「平気です」
その言葉は嘘でも強がりでもない。
「平気、か。お前は随分と強い女だな」
「…」
「だが、その強さは本来必要ないものだ。意味がわかるか?」
つばきは首を横に振った。

「今までは一人で頑張ってきたかもしれないが、これからは俺やみこたちを頼っていい」
「…」

どうして、という言葉を呑み込んだ。
今日出会ったばかりの死にそうな女を助けここまでしてくれる。
もちろん夜伽という役割はあるが、買われたはずならば普通はもっとひどい扱いをされるはずだ。
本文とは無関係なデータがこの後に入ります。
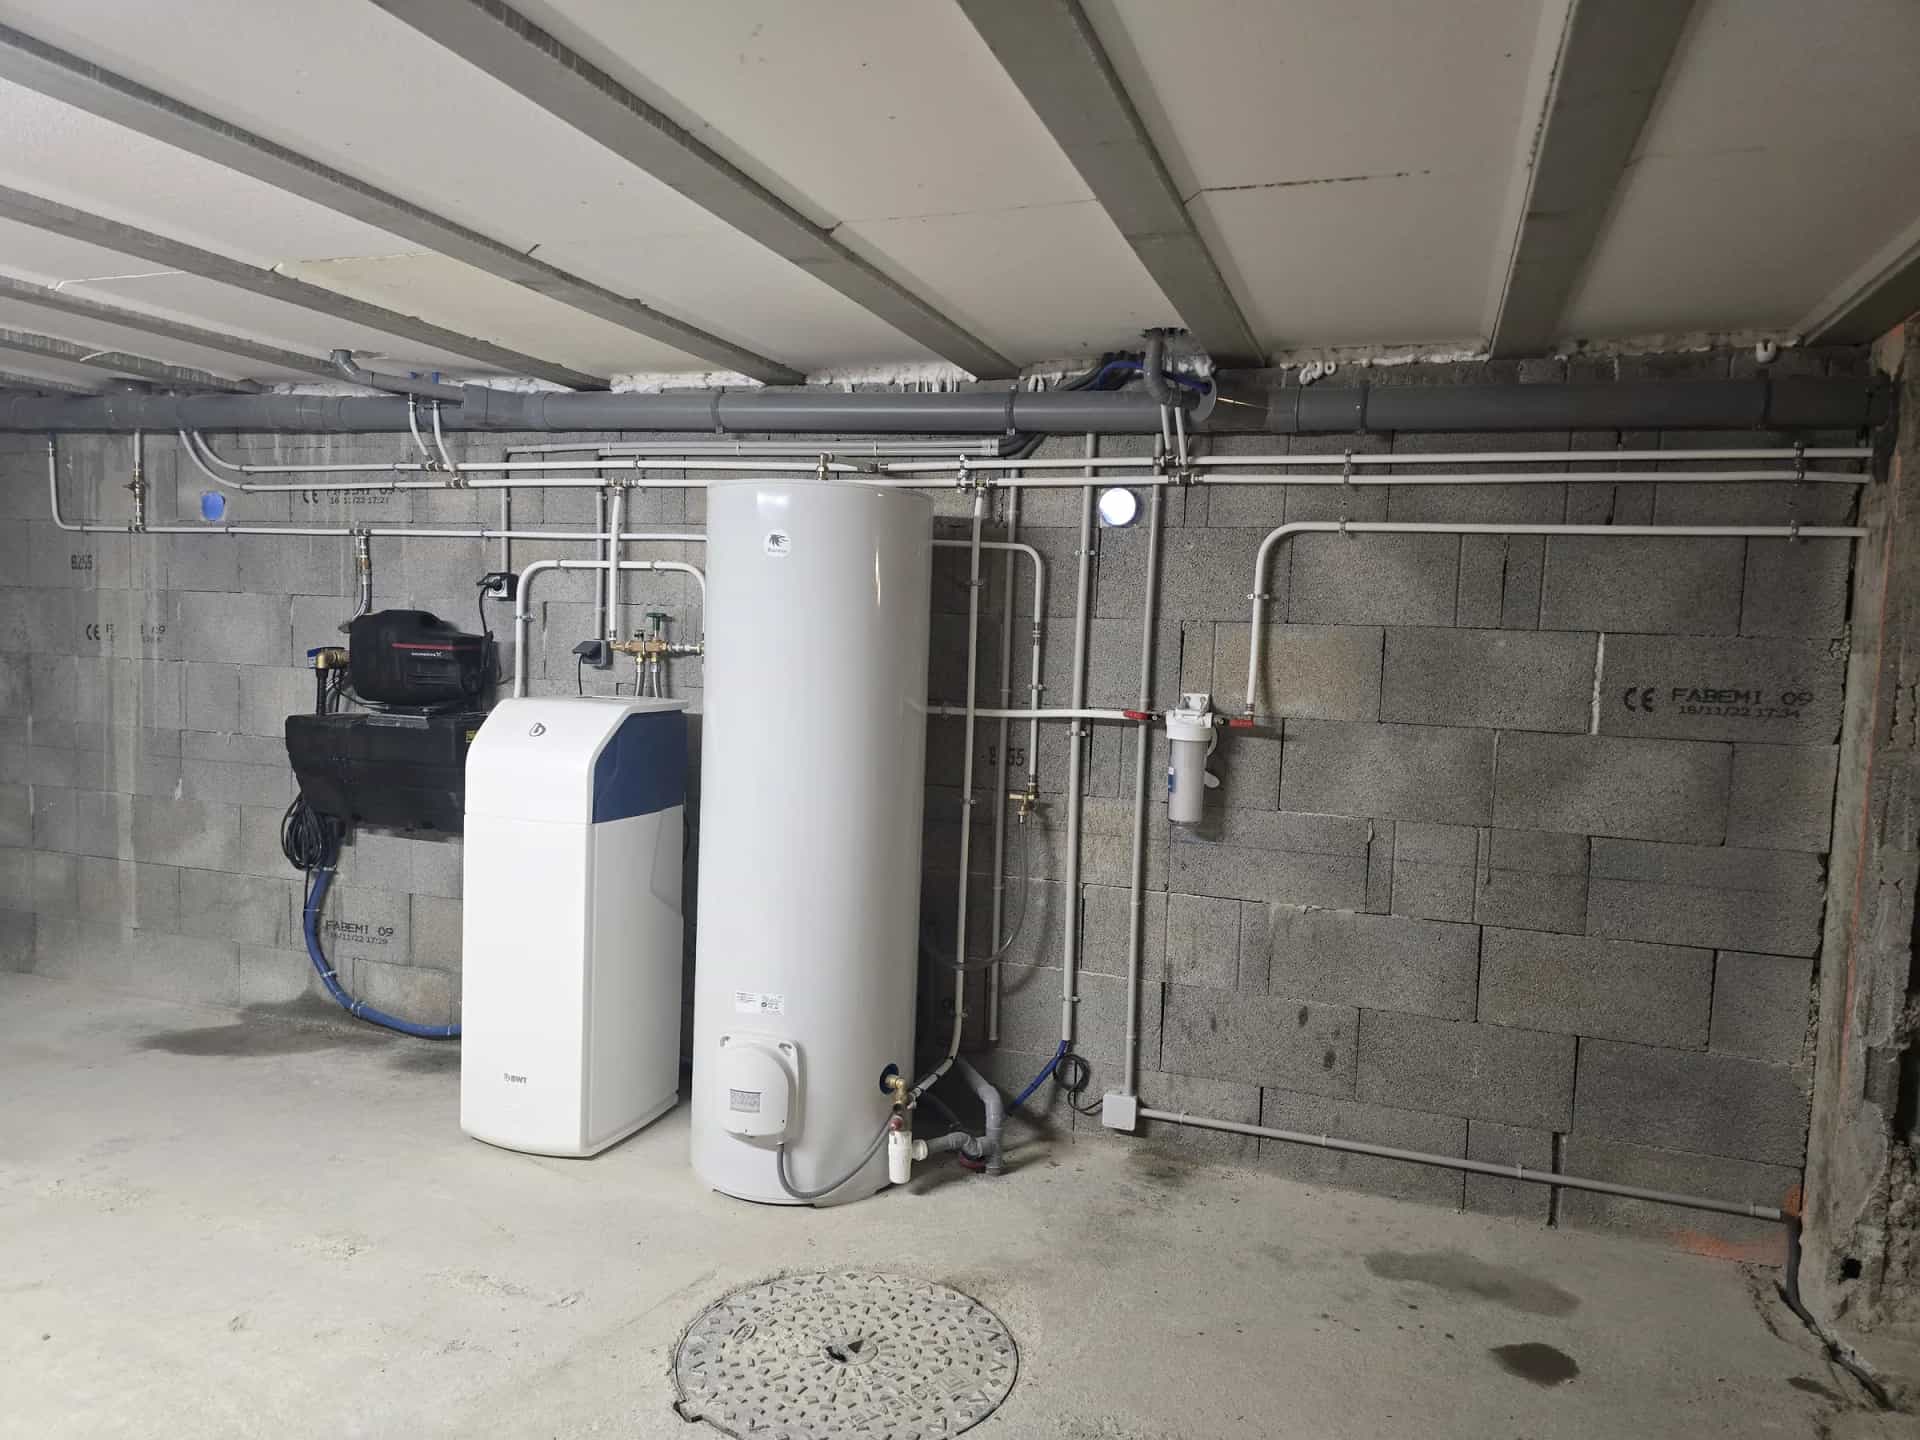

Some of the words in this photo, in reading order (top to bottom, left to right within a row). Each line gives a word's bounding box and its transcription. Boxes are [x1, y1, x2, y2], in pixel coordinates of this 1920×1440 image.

「今日はここで寝ろ。明日以降は部屋を与えるが、俺が呼ぶ夜はここに来い」
「…はい、わかりました」

つばきの長い髪を掻き分けるようにして指を通し、頬に手を当て顔を上げさせる。
京の力強い瞳がつばきをしっかりと映していた。
不思議だった。どうしてか、京に見つめられると心臓が激しく動き出す。
俺に頼れといってくれたその言葉を信じたいと思ってしまっていた。

「この浴衣もありがとうございます」
「そんなことはどうだっていい。それより今日は早く寝ることだ。ちなみに体を拭いたのは女中だから安心しろ」
「っ」
「おやすみ」

京は口角を上げてそういうと少し離れたところにあるベッドに移動した。
夜伽として買われたはずなのに、彼は優しかった。